De acuerdo al articulado del exintendente de Junín, en el último tiempo se hicieron cada vez más frecuentes los casos de agentes de seguridad que se quitan la vida. En la mayoría de las situaciones, el drama es el mismo: deudas, sueldos que no alcanzan y sobrecarga de guardias para cubrir las necesidades básicas.
En rigor, un informe del Ministerio de Seguridad arrojó que, solo en 2024, hubo más de 30 casos de suicidio en la Policía Bonaerense, un número por demás alarmante que se suma a la ya inquietante tendencia del año anterior, cuando seis agentes se suicidaron en un período de tan solo 40 días.
“Por estadística, un agente de las fuerzas de seguridad tiene nueve veces más probabilidades de morir por mano propia que en un enfrentamiento directo. El suicidio es, claramente, la primera causa de mortalidad policial en la provincia de Buenos Aires”, lamentó Petrecca.
En ese sentido, el legislador de la escudería amarilla remarcó que la seguridad pública no se agota solo en patrulleros, móviles, equipamiento o despliegue territorial, sino del estado físico, emocional y psicológico de quienes tienen la responsabilidad de cuidar a los bonaerenses.

“Una fuerza sobrecargada, expuesta a hechos traumáticos, con problemas de descanso, con dificultades para acceder a atención adecuada y con licencias prolongadas sin seguimiento, ve afectada su capacidad de respuesta. Y cuando eso ocurre, no solo se deteriora la situación del trabajador, sino que también se debilita la política pública de seguridad”, alegó Petrecca.

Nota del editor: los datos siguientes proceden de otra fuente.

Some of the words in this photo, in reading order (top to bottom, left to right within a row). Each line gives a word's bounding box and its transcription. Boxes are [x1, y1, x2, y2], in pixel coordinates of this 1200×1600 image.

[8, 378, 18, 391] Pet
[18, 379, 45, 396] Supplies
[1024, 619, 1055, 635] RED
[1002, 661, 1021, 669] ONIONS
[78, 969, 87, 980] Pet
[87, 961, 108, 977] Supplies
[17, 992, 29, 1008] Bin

Frente a este escenario, Petrecca solicitó a la administración de Axel Kicillof conocer de manera detallada la cantidad total de casos de suicidio o intentos del personal policial desde el 1° de enero de 2020 al 31 de diciembre de 2025, desagregados por año, género, edad, rango jerárquico, dependencia y región geográfica, como así también que aclare si ocurrieron mientras los agentes estaban de licencia o en servicio.

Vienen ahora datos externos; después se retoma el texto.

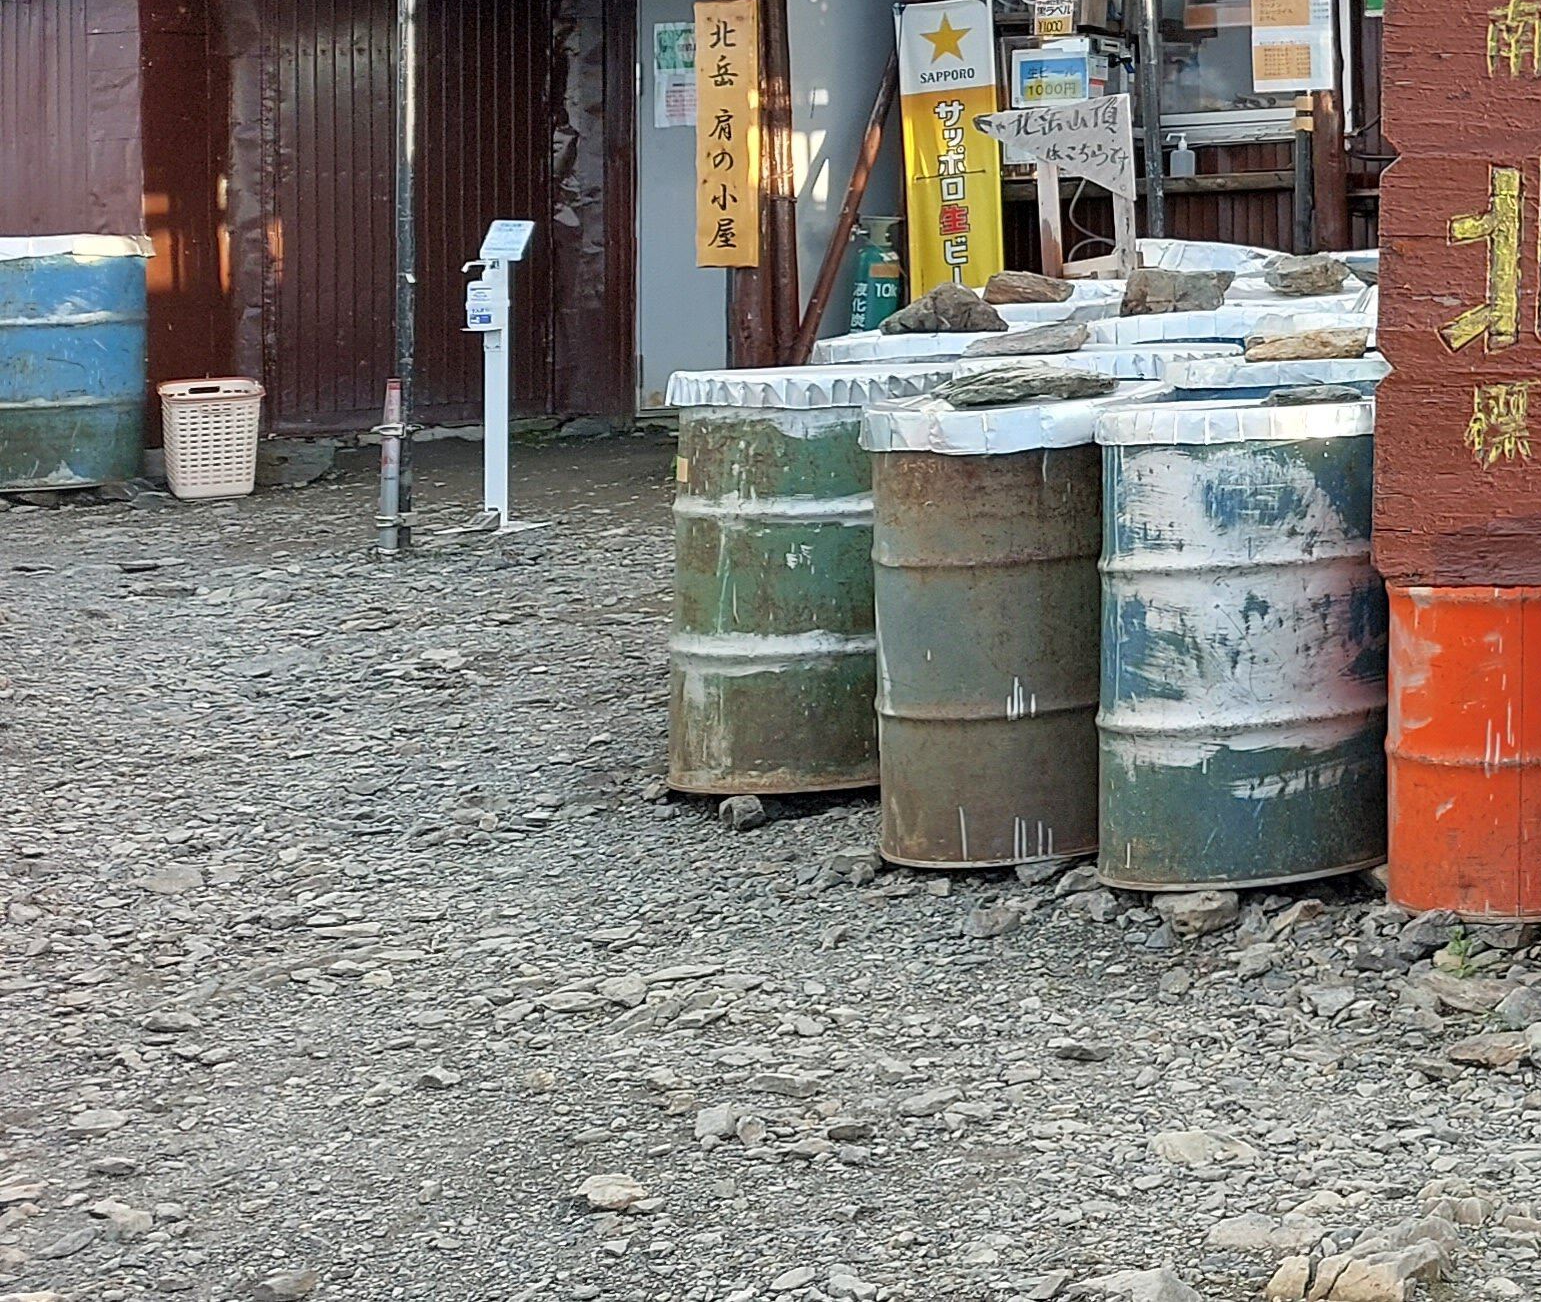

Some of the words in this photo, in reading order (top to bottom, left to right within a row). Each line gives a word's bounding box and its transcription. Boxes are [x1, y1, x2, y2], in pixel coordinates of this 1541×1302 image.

[919, 66, 976, 84] SAPPORO
[1028, 82, 1076, 96] 1000円
[850, 282, 868, 333] 液化炭

Además, en la iniciativa el senador bonaerense también solicitó conocer en qué porcentaje se utilizó el arma reglamentaria, si existe un registro oficial, público, sistematizado y actualizado sobre la tasa de suicidios de las fuerzas, la cantidad total de carpetas médicas activas desde comienzo de año y el impacto de estas sobre la capacidad operativa de la fuerza.
Según argumentó el legislador en los fundamentos, sin información clara el debate sobre la salud mental de las fuerzas de seguridad queda atrapado entre trascendidos, percepciones o reacciones coyunturales. “Así no se pueden construir políticas públicas serias”, agregó.

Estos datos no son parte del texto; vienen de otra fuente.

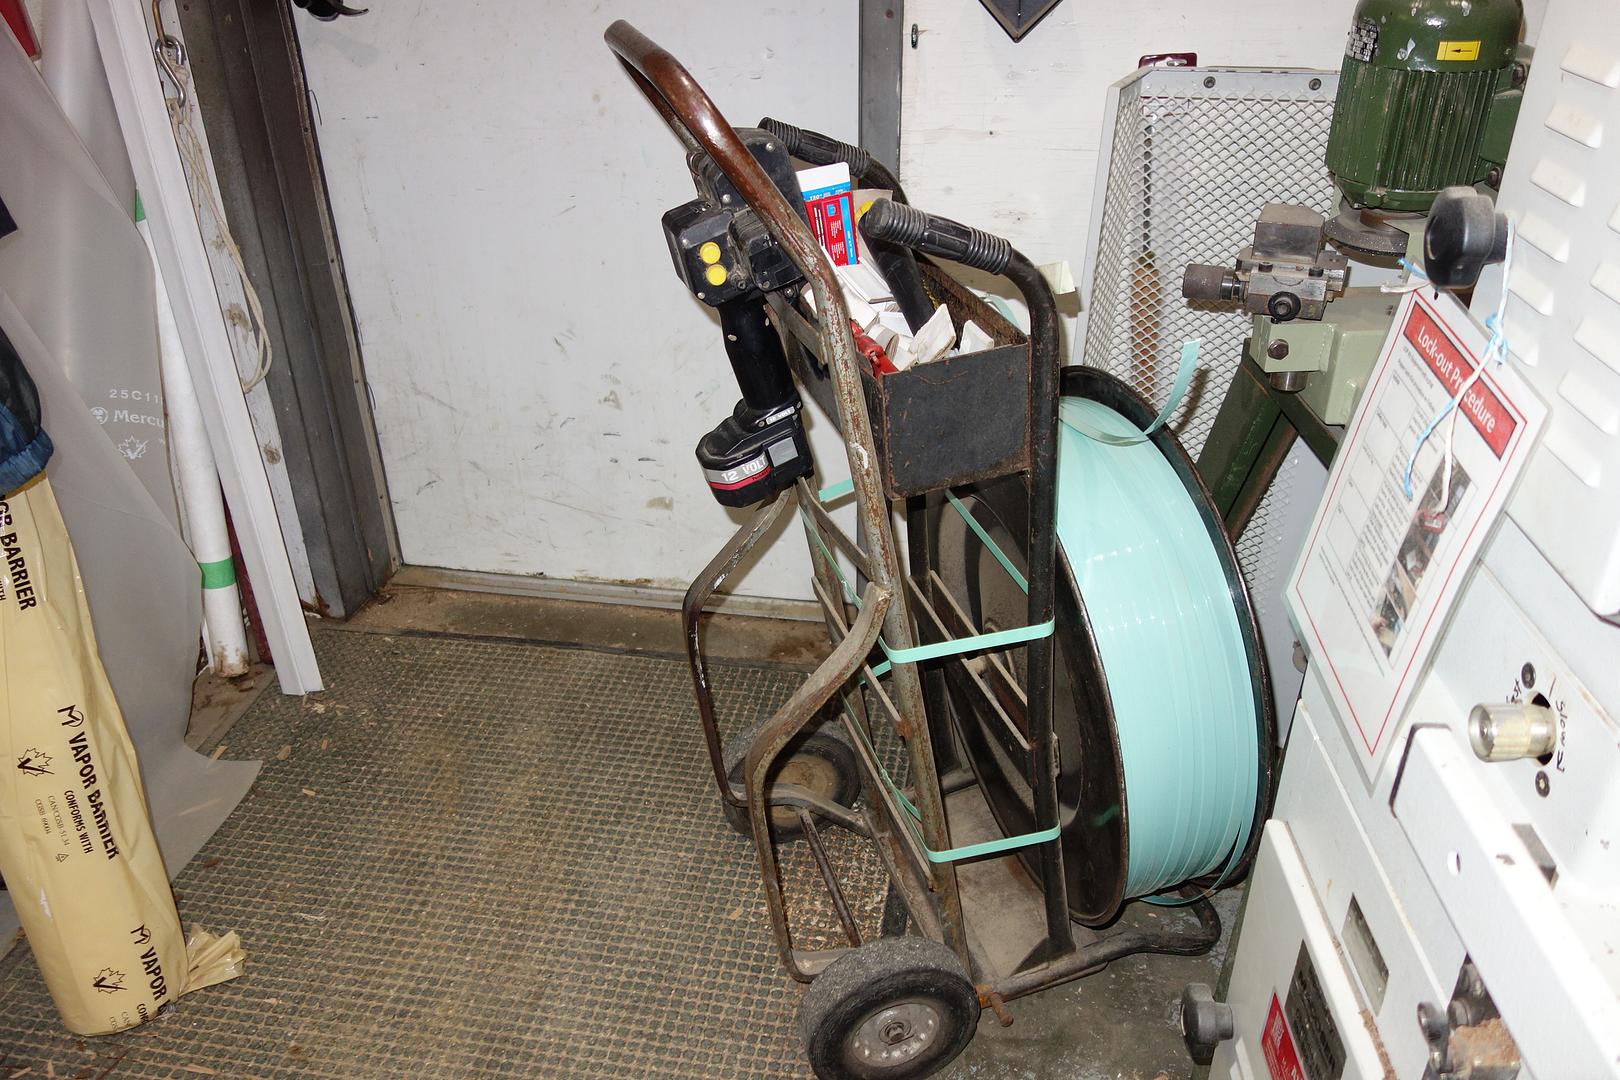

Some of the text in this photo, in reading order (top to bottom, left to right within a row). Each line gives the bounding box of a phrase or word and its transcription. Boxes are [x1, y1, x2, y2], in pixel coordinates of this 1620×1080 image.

[1417, 326, 1453, 378] Lock-out
[720, 470, 739, 482] 12
[742, 454, 768, 475] VOLT
[1, 532, 37, 611] BARRIER
[64, 790, 94, 854] CONFORMS WITH
[69, 731, 97, 789] VAPOR
[87, 789, 120, 860] BARRIER
[140, 946, 168, 1001] VAPOR

“Por eso este pedido de informes busca ordenar la discusión sobre la base de información oficial y no de intuiciones, busca conocer cuántos casos existen, cómo se registran, qué herramientas están disponibles. Hablar de salud mental no es correrse de la agenda de seguridad, es asumirla de una manera más completa, humana y profesional”, cerró Petrecca.
De acuerdo al titular de la Defensoría Policía, Luis Tunil, la mayoría de los suicidios en la Policía Bonaerense ocurren con el arma reglamentaria y durante los días de descanso, “lo que indica que el estrés laboral y la falta de apoyo pueden ser factores significativos”.
“Los suicidios están creciendo de manera exponencial, estamos viendo todas las semanas a un compañero que se quita la vida, es una situación extrema, hay gente que no aguanta el sistema porque es una picadora de carne y terminan suicidándose”, advirtió Tunil.